La razón detrás de este revés técnico apunta a un doble desafío macroeconómico: unas valoraciones bursátiles que el mercado considera excesivas y, de manera mucho más preocupante, las señales de que el multimillonario gasto de las grandes tecnológicas en infraestructura de Inteligencia Artificial experimentará una notable desaceleración para el año 2027.

La rebaja de calificación, liderada por informes de firmas de inversión de peso, ha cambiado la recomendación de estos valores, en un claro mensaje de prudencia tras meses de cotizaciones. Algunos analistas advierten que la euforia actual ha cegado al mercado respecto a los límites físicos y financieros de los llamados hyperscalers —los titanes de la nube como Microsoft, Alphabet, Amazon y Meta—, quienes financian la compra masiva de los chips y la conectividad que hacen posible la IA.

Según los analistas, los grandes proveedores de la nube están comprometiendo actualmente cerca del 100% de su flujo de caja operativo en la expansión de centros de datos. Para sostener este ritmo frenético, estas compañías han tenido que emitir más de 260.000 millones de dólares en deuda desde el inicio del año pasado, al tiempo que sus programas de recompra de acciones propias han comenzado a colapsar.

Este nivel de apalancamiento financiero dibuja un techo claro para 2027. Los analistas prevén que para ese año las matrices tecnológicas prioricen el saneamiento de sus balances sobre la expansión indefinida de infraestructura, lo que provocará una contracción en los pedidos de componentes de alta gama.

Para Intel, la rebaja llega en un momento delicado de su reestructuración corporativa. Aunque se reconocen avances sustanciales en su división de fundición y un repunte en la demanda de procesadores para servidores, los analistas consideran que sus múltiplos bursátiles ya descuentan un escenario excesivamente idílico. Incluso simulando un agresivo crecimiento del 40% en su negocio de centros de datos para 2027, las acciones de Intel cotizan a 38 veces sus estimaciones de beneficio a largo plazo, un precio que la banca de inversión califica de «caro», suspendiendo sus precios objetivo previos.

Por su parte, Astera Labs sufre las consecuencias de una valoración que roza la desconexión con los fundamentales. A pesar de reportar sólidos resultados en la primera mitad de este año gracias al despliegue de su arquitectura Scorpio-X, la compañía cotiza a un ratio precio-beneficio superior a 200 veces.

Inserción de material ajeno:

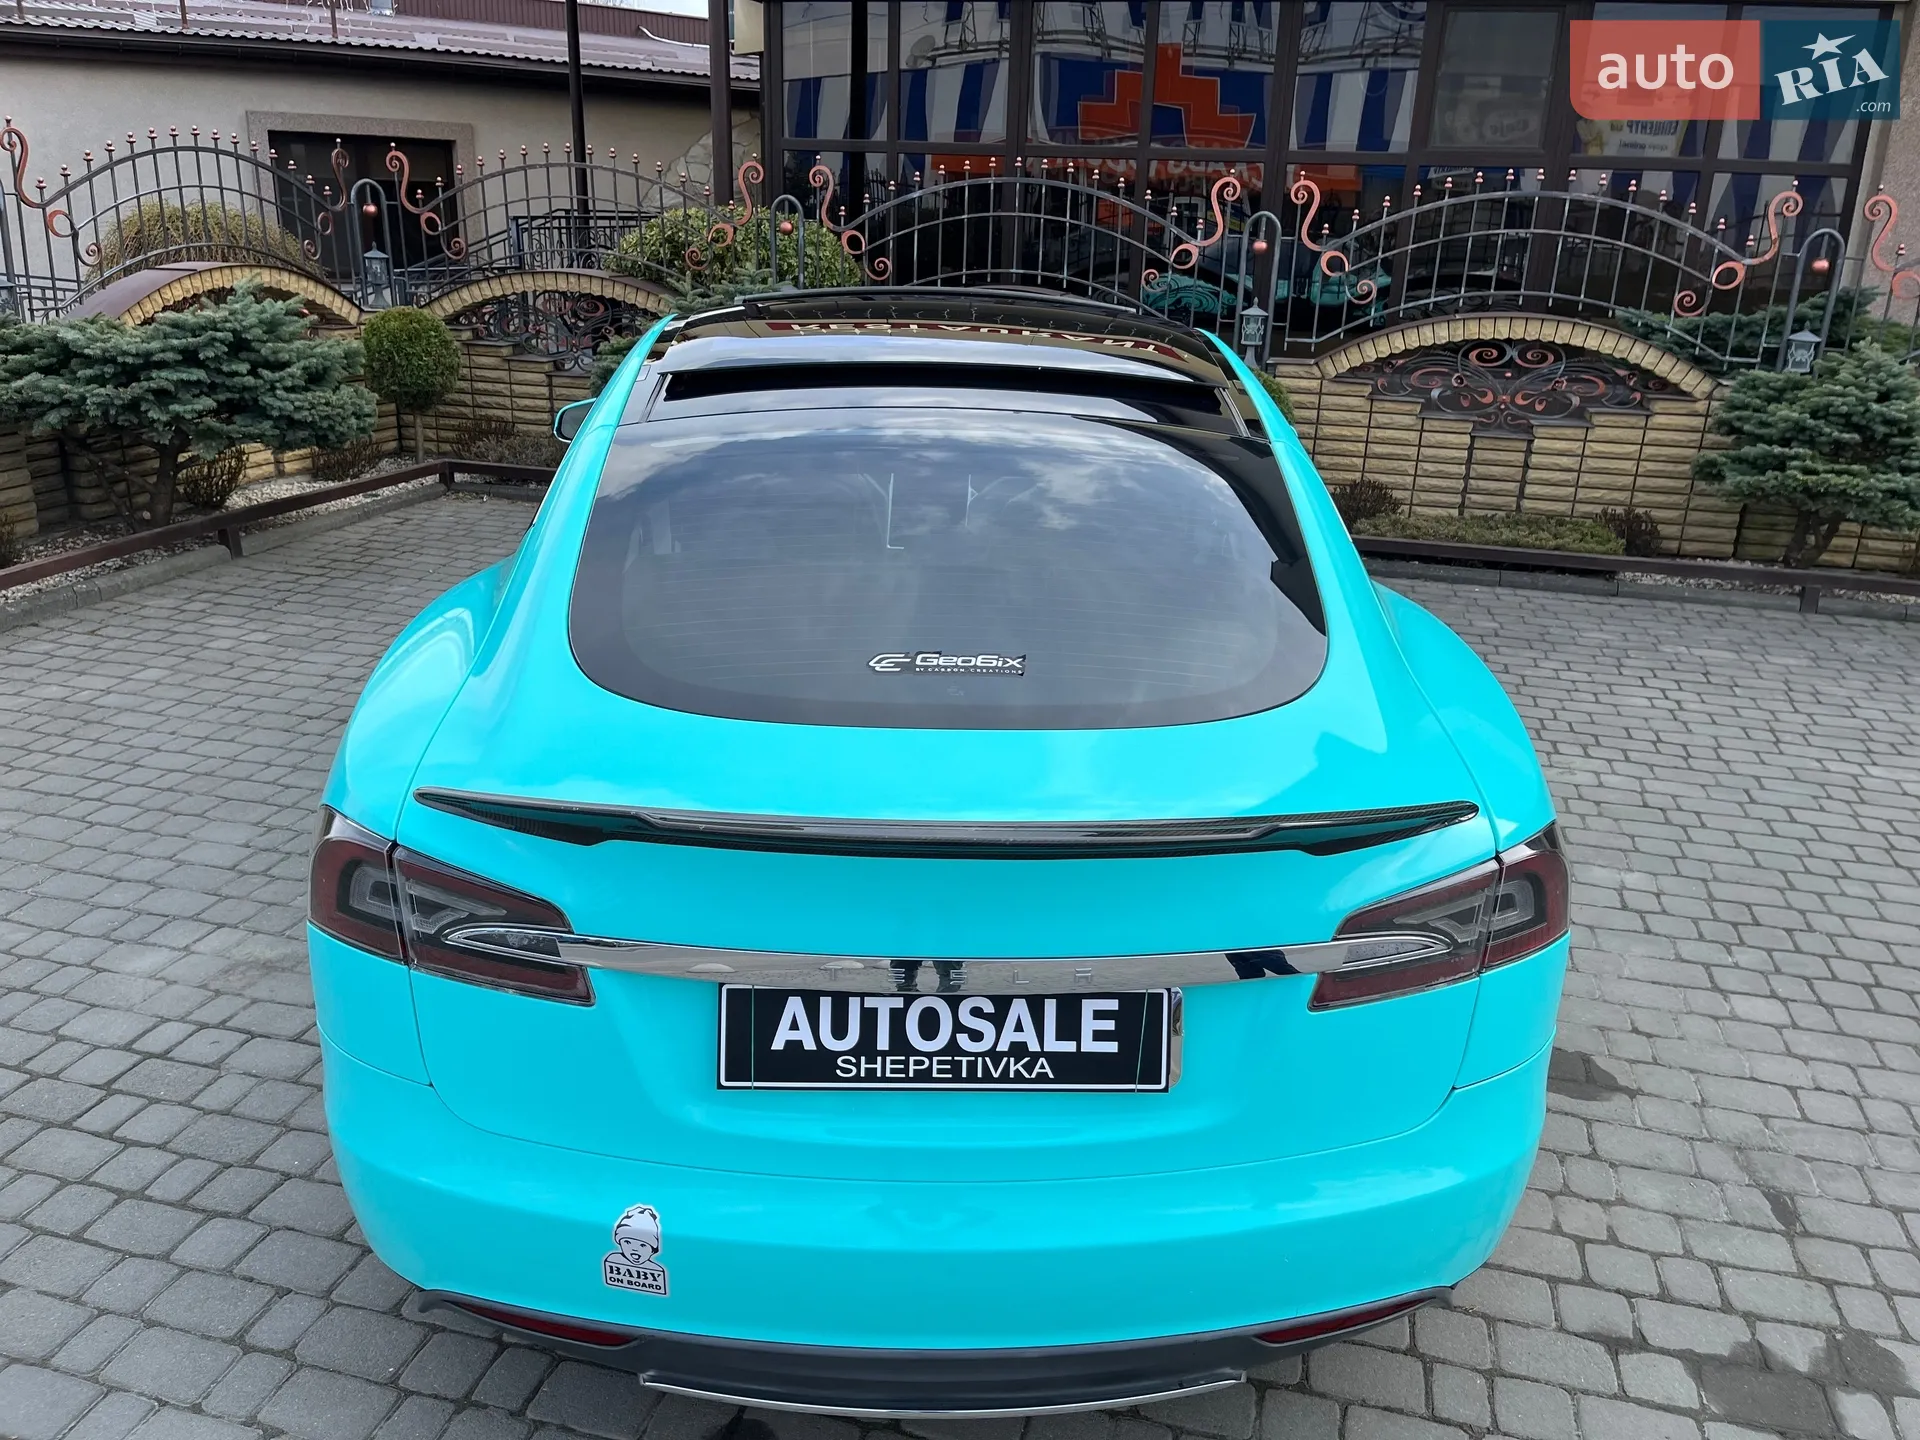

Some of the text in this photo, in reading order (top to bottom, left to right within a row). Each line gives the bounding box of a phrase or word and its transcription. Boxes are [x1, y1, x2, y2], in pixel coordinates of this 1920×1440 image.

El ajuste de expectativas para Intel y Astera Labs marca el fin de la fase de «cheque en blanco» para el sector de los semiconductores. La mirada de los analistas ya no se posa únicamente en la capacidad técnica de los chips, sino en la salud financiera de quienes pagan por ellos. Con el horizonte puesto en 2027, el mercado financiero empieza a exigir rentabilidad real en lugar de promesas cuánticas y algoritmos de coste infinito.